クールで素っ気ない彼女が今日も寝かせてくれない
くろい
1章
第1話4年目の彼女
冷房の効いた部屋のベッドに寝転んで、漫画を読んでいたときであった。
インターホンが鳴ったので玄関へ行きドアを開けると、ムワッとした外の熱気が部屋に流れ込んでくる。
それが不快で頬を引き攣らせながら、俺はやって来た人物に声を掛けた。
「あー、夏樹か……」
「私が来ちゃまずい?」
やや不機嫌そうな顔で俺の顔を見てくるのは
彼女との恋人生活はそろそろ4年くらいになる。
綺麗に整った顔立ちとスレンダーな体系。
そして、何よりもショートカット寄りなボブヘアーが非常に魅力的な子だ。
さて、夏樹が来たのが不味くて頬を引き攣らせていたんじゃなくて、熱気のせいだという弁解をしておかないとな……。
「玄関を開けたら暑くて嫌になっただけだ」
「そう? 私が来たのが面倒くさそうな顔をしたと思った」
「なわけないだろ。彼女が家にやって来たら嬉しいって」
「ふーん……」
「というか、いつまでも外にいないで上がってけよ」
俺は夏樹を部屋に招き入れる。
靴を脱いだ夏樹は部屋にある冷蔵庫を開けてお茶を飲みだした。
「勝手に飲むなよ」
「はいはい」
謝らない夏樹はそう言って、自分のカバンから新しいお茶のペットボトルを2本取り出して冷蔵庫へ仕舞った。
これで文句はないでしょ? 的な顔で。
まあ、確かに文句はないな。1本が2本に増えたのだから。
「で、今日はどうして来たんだ?」
「暇だから」
「じゃあ、どっか行くか?」
「ん~、どっちでも良いんじゃない?」
なぁなぁな返事をされてしまう。
実際のところ、俺も本気でお出掛けをしようと言ったわけじゃない。
暇な彼女がやってきたので、彼氏らしく言ってみただけで、本当はこんな暑い日に外になんて出たくない。
「なら、行かない方向で」
「うん」
夏樹は小さく返事をし、俺の部屋にあるベッドに寝転んでスマホを弄り出した。
わざわざ俺の部屋にやって来てまで、するようなことなのだろうか?
まあ、普通に気まぐれで恋人の部屋に行く……なんてことはあってもいいか。
勝手に疑問を抱き、勝手に解決した俺はさっきまで読んでいた漫画を再び手にして読むことにした。
そして、20分も経たないうちに漫画を読み終えた。
「ふぅ……」
漫画を読み終え、少し凝った背筋を伸ばした。
そして、俺は夏樹の方を見たら、彼女の引き締まった魅力的なお尻に視線が吸い込まれてしまう。

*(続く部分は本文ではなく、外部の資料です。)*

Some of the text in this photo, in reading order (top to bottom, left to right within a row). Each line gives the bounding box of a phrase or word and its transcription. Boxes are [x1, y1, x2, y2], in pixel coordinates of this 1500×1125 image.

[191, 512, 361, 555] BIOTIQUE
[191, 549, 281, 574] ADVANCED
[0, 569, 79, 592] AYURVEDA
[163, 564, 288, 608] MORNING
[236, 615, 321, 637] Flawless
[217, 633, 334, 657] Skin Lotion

さすが、運動が好きで週3でプール付きのフィットネスジムに通っているだけはある。
俺は静寂が支配する部屋の中、気が付けば夏樹の尻に手が伸びていた。
が、しかし、邪な俺の気配を察知したのだろう。
「……さわるな」
尻に伸びていた俺の手を夏樹は汚物かのようにパシッと払いのけてくる。
ちょっと悲しい気分になった。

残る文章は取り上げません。